Photo credit:  dailymail.co.uk

 

6 Comments

  1. amysoldier on November 28, 2010 at 1:48 pm

    ‘Develop to the mode of statistical norm within a given population’ may be more accurate than referring to certain brains as damaged.

    Indeed. Interesting article … from a Cyrushansonian perspective.

  2. Karen Wilhelm on December 28, 2010 at 6:46 pm

    It would be interesting to know how a girl’s brain is affected by the kind of exclusion and clique-formation that middle-school girls engage in rather than overt verbal abuse. They use more subtle ways to put outsiders down and make them feel inferior. Come to think of it, many women do the same in adulthood!

  3. Mike A on February 15, 2011 at 12:14 pm

    How can we be certain the bullying is causing the abnormal brain development and not vice versa? For example, a high-functioning autistic child, or even just a child unusually inclined to introspection, melancholia etc, is surely more likely to be bullied?

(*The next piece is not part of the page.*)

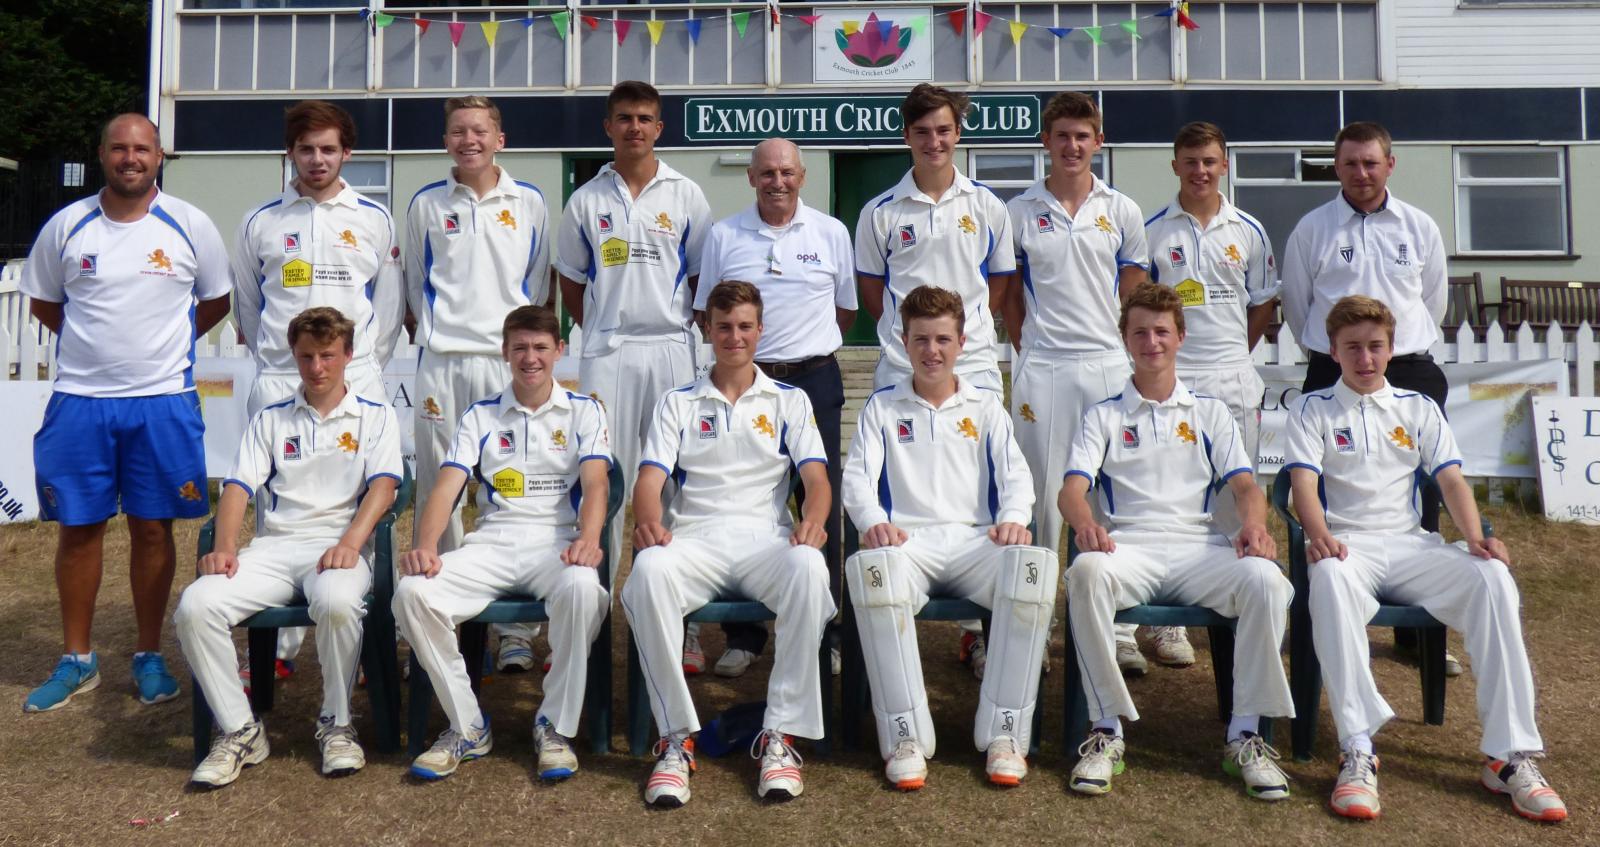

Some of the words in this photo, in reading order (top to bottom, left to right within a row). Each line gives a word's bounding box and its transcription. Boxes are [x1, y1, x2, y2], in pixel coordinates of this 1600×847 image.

    • R. Douglas Fields on February 15, 2011 at 2:04 pm

      Mike, This is certainly possible, because this was a retrospective study. Children who are in any way “different” can find themselves bullied. The authors discuss this alternative hypothesis. To test it, future research will have to be done using a “longitudinal” experimental design; i.e., following children over time rather than looking back.

      • Mike A on February 15, 2011 at 8:40 pm

        Thanks for that clarification. I will be interested to see how this one develops. By the way, I found this blog after hearing your interview on the Brain Science Podcast from last year – the book sounds fascinating, will have to order it!